⑨女神様との禁断関係


 オレがマリアさんの部屋に居候して一年が過ぎた。

 今はマリアさんが働いている風俗店の黒服として働いている。

 就職先も見つかってマリアさんの部屋を出ようとするも「これからたくさんお金が必要になるから貯めなさい」とオレはまだ部屋に置いてもらっている。


 嬉しい反面、マリアさんに恋するオレにとって辛い状況でもある。

 好きな人が手の届く距離にいるのに手が出せない。

 なぜなら、マリアさんが支配人の愛人だから。

 店で誰もその話題には触れないが、この噂を知らないスタッフは誰もいない。「マリアちゃんは支配人とデキているらしいぞ」、「支配人はあの巨乳で楽しんでいるんだろうな」など根も葉もないものばかり。


 マリアさんはそんな安売り女じゃない。オレは信じたかった。

 だけど、オレは知りたくもない事実を目の当たりにした。

 オレが勤務を終えてマリアさんの部屋に帰ろうとした時、ホテル街で支配人とマリアさんがキスをしていた。


 マリアさんは支配人の女なのか。

 いや、マリアさんがそんな女じゃない。オレは自分が思い描く理想のマリアさんを汚さないために現実から目を逸らす。


 きっと支配人に脅されているんだ。そうでもなければ、マリアさんが風俗嬢になんてならない。風俗店はマリアさんのような女神様がいて良い場所ではない。


 そんなことを考えながら、オレは部屋でマリアさんお手製のご飯を食べていた。今日の献立は豚肉の生姜焼きであった。マリアさんは料理が上手くて彼女が作るものは何でも美味しい。


「檜山くん、美味しい?」


「はい、美味いです! マリアさんは料理上手ですよね」


「もう、褒めても何も出ないよ」


 オレ達は食事を食べながら、テレビを見ていた。

 恋愛ドラマだった。男女がお互いに欲望を語り合う場面になってオレは思わず目を逸らした。マリアさんは表情一つ帰ることなく、ドラマを見ていた。毎日のように男から求められるマリアさんにとって、こういう場面は仕事と変わらないのか。そんなことを想像しながら、オレはご飯を食べ続けた。


「ねぇ、檜山くん?」


「何ですか?」


「今、好きな人いる?」


 マリアさんの突然の質問にオレは思わず咽せてしまった。

 そんなオレをマリアさんはからかうように笑った。

 もし、オレが何の迷いもなく答えるならこう伝えるだろう。

 あなたです。

 だけど、それを言う勇気がオレにはなかった。


「ごめんね。変なこと聞いて、チャンネル変えようか」


 マリアさんは部屋の気まずさを取り払うようにテレビのリモコンでチャンネルを変えた。

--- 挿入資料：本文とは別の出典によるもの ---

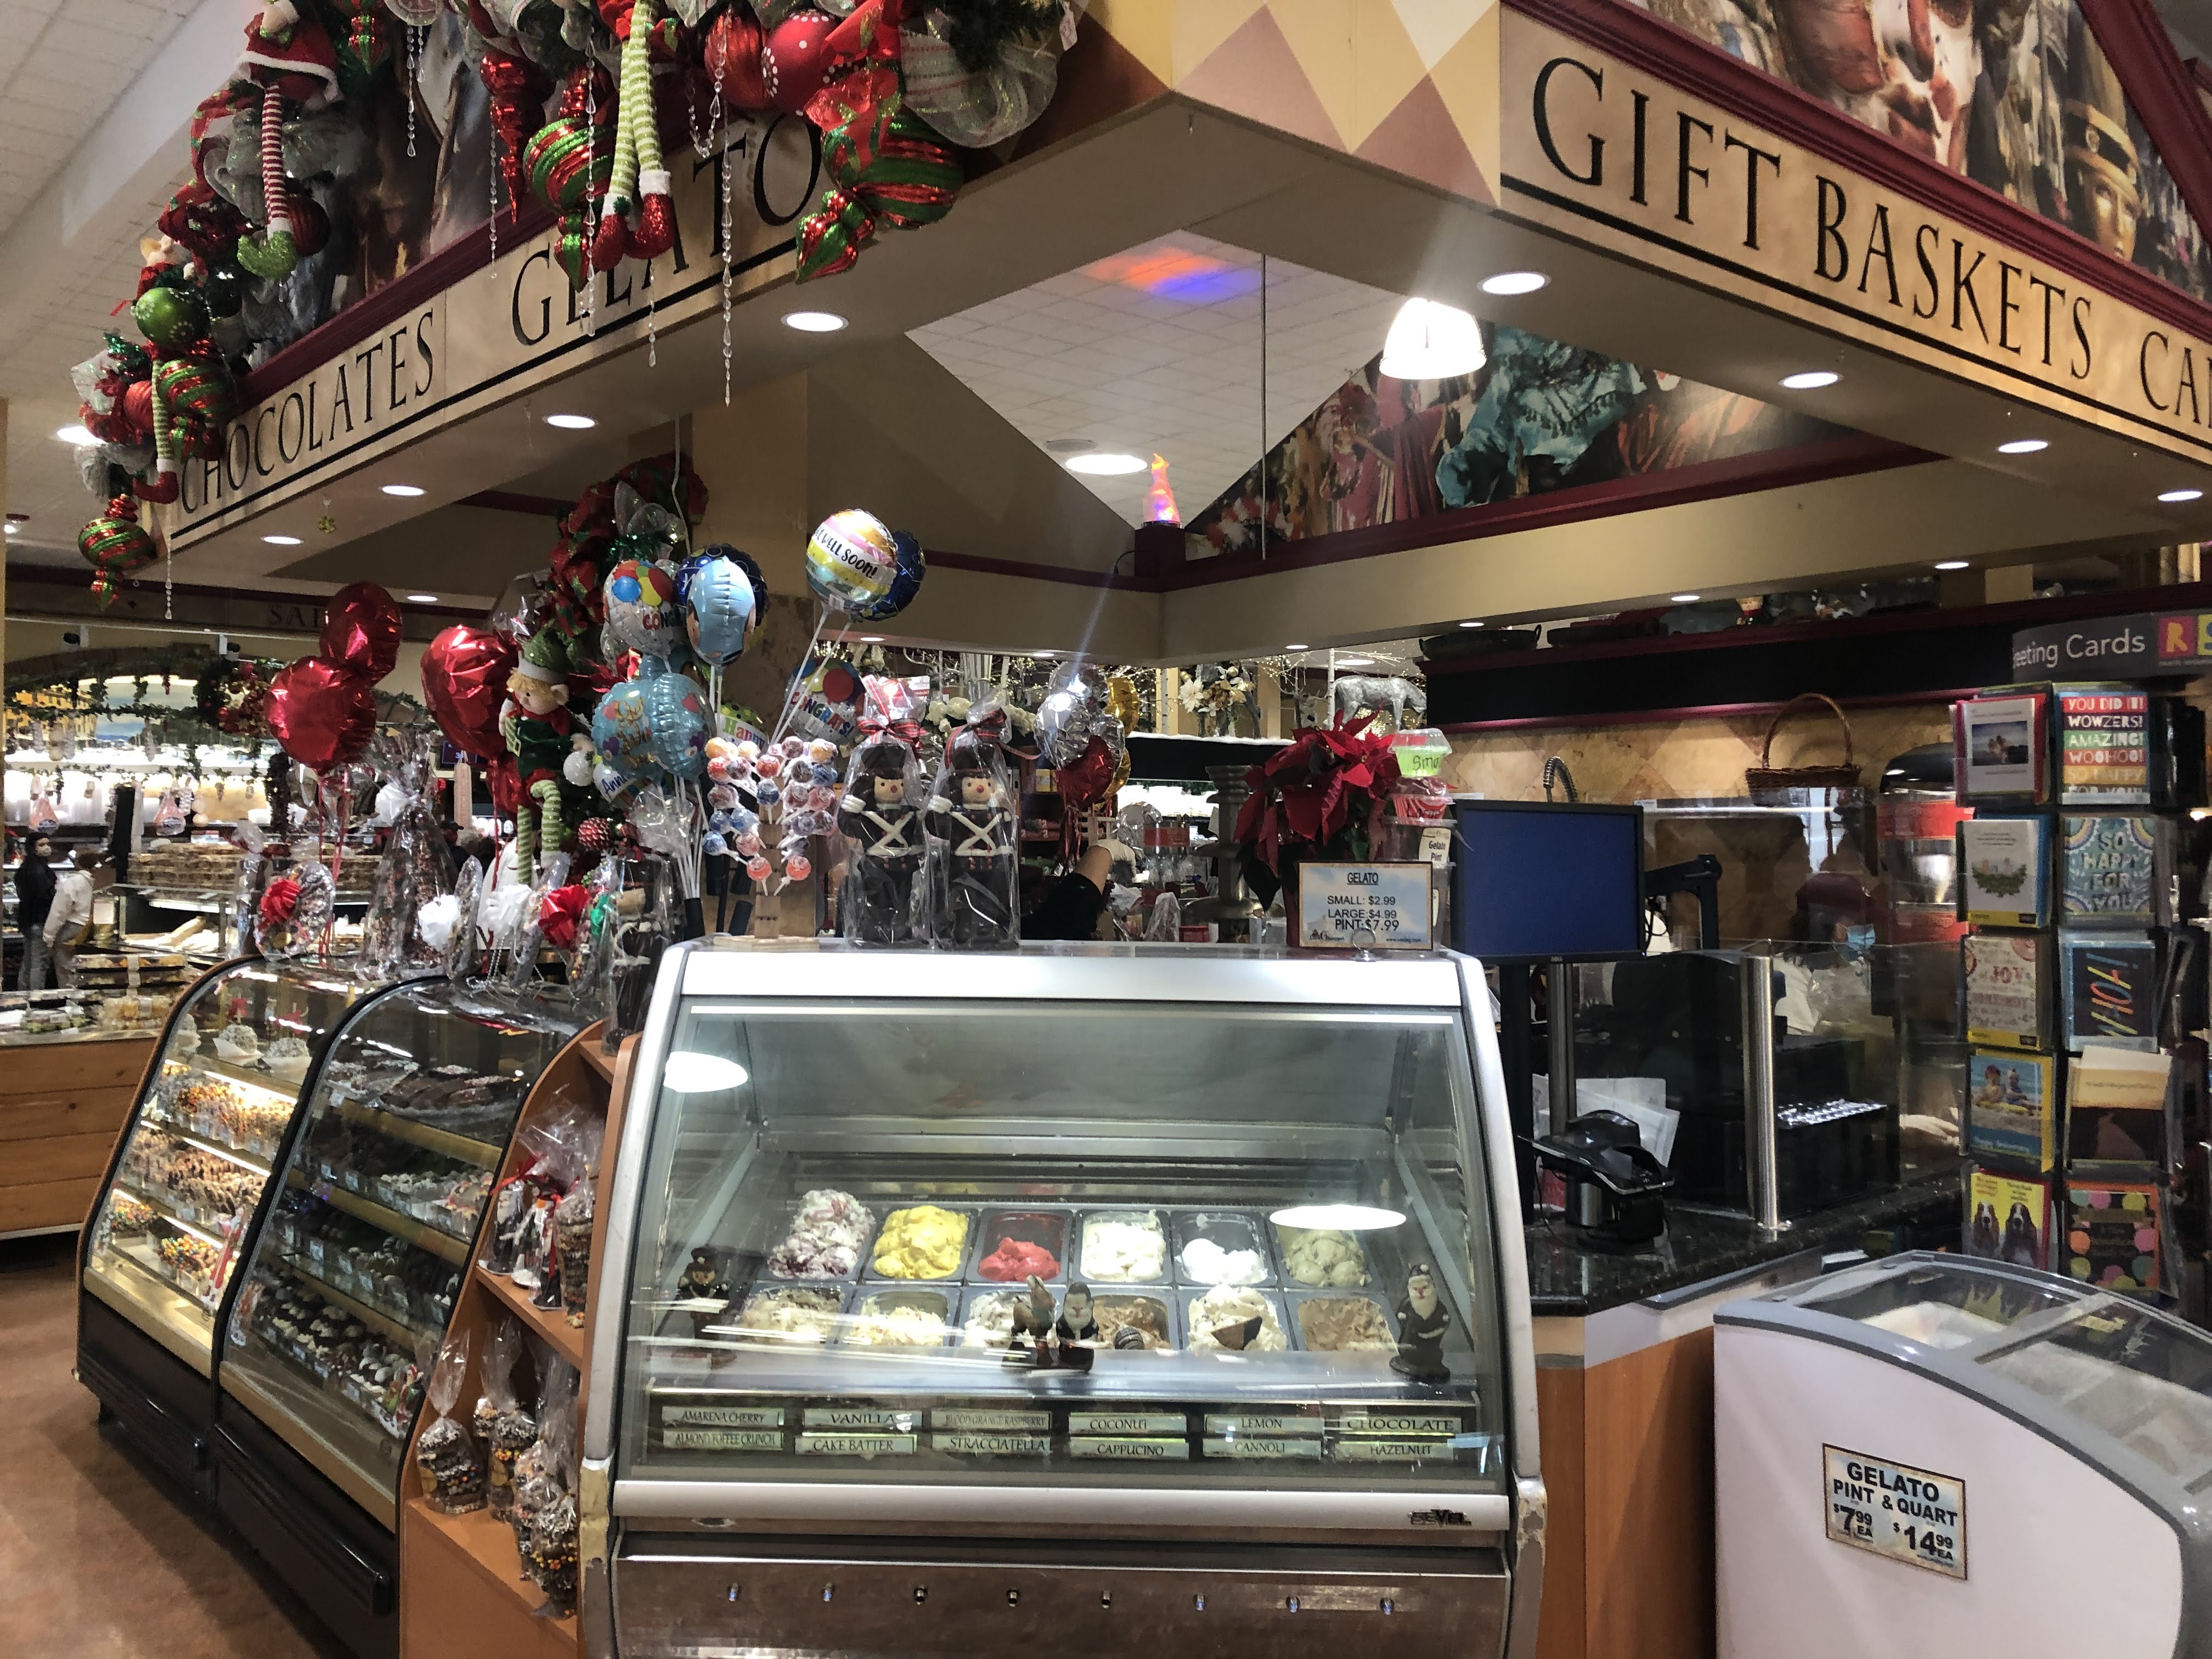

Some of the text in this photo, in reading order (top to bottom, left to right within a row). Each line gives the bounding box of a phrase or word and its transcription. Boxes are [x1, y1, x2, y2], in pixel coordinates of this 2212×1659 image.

[1533, 57, 1780, 250] GIFT
[1814, 175, 2091, 380] BASKETS
[182, 308, 433, 514] CHOCOLATES
[841, 548, 879, 578] SOON!
[2013, 628, 2146, 668] eeting Cards
[2068, 698, 2095, 711] YOU
[2100, 697, 2123, 710] DID
[2068, 715, 2143, 728] WOWZERS!
[2068, 732, 2144, 747] AMAZING!
[1413, 755, 1440, 770] Sma
[2068, 749, 2144, 764] WOOHOO!
[1347, 872, 1379, 884] GELATO
[1327, 895, 1396, 905] SMALL: $2.99
[681, 1410, 765, 1423] AMARENA CHERRY
[831, 1413, 896, 1424] VANILLA
[1005, 1415, 1046, 1426] RASPBERRY
[1090, 1418, 1147, 1429] COCONUT
[1241, 1418, 1282, 1429] LEMON
[1347, 1418, 1454, 1430] CHOCOLATE
[741, 1433, 776, 1445] CRUNCH
[813, 1440, 894, 1451] CAKE BATTER
[950, 1437, 1046, 1451] STRACCIATELLA
[1097, 1443, 1164, 1456] CAPPUCINO
[1234, 1442, 1285, 1452] CANNOLI
[1371, 1444, 1432, 1455] HAZELNUT
[1847, 1462, 1940, 1502] GELATO
[1833, 1479, 1958, 1527] PINT & QUART
[1857, 1525, 1873, 1537] EA

 その隣でオレはマリアさんの横顔を見ていると、自分の欲望が急に目覚め始める。マリアさんをオレのものにしたい。支配人から奪いたいと。

「マリアさん!」


「どうしたの?」


「オレ、マリアさんが好きです」


 オレは初めて女性に告白をした。

 胸の鼓動と欲望を抑えきれなくて、つい口にしてしまった。


「ありがとう。でも、アタシはやめた方がいいよ」


「支配人の女だからですか?」


「知っていたんだ」


 しまった。オレは勢いに任せ支配人との関係を口にしてしまった。

 言うつもりはなかったのに。


「すみません、今日たまたま見ちゃって。2人が……キスしているところを。でも、オレはそれでもマリアさんのことが好きです」


「ありがとう。でも、アタシは、きみが思っている良い女じゃないよ。自分のためにたくさんの男の人を騙して利用する悪女だよ。近藤くんだってその1人だよ。それにアタシを愛すると不幸になるよ」


「オレはマリアさんの力になりたい」


「本当? じゃあ、一緒に地獄でも付き合ってくれる?」


 マリアさんが言っている意味が理解できなかった。オレをからかっているのか? いや、マリアさんの顔は真剣そのものだ。


「はい」


「じゃあ、アタシをあげる」


「え!?」


 マリアさんはイタズラを思いついた少女のような笑みを浮かべてオレにキスをした。マリアさんとキスが出来た。しかも、オレのファーストキスを。マリアさんに唇を奪われたオレは初めても奪って欲しいという欲求を抑えきれず、マリアさんを思いっきり抱きしめた。


 オレは女神様と一つになった。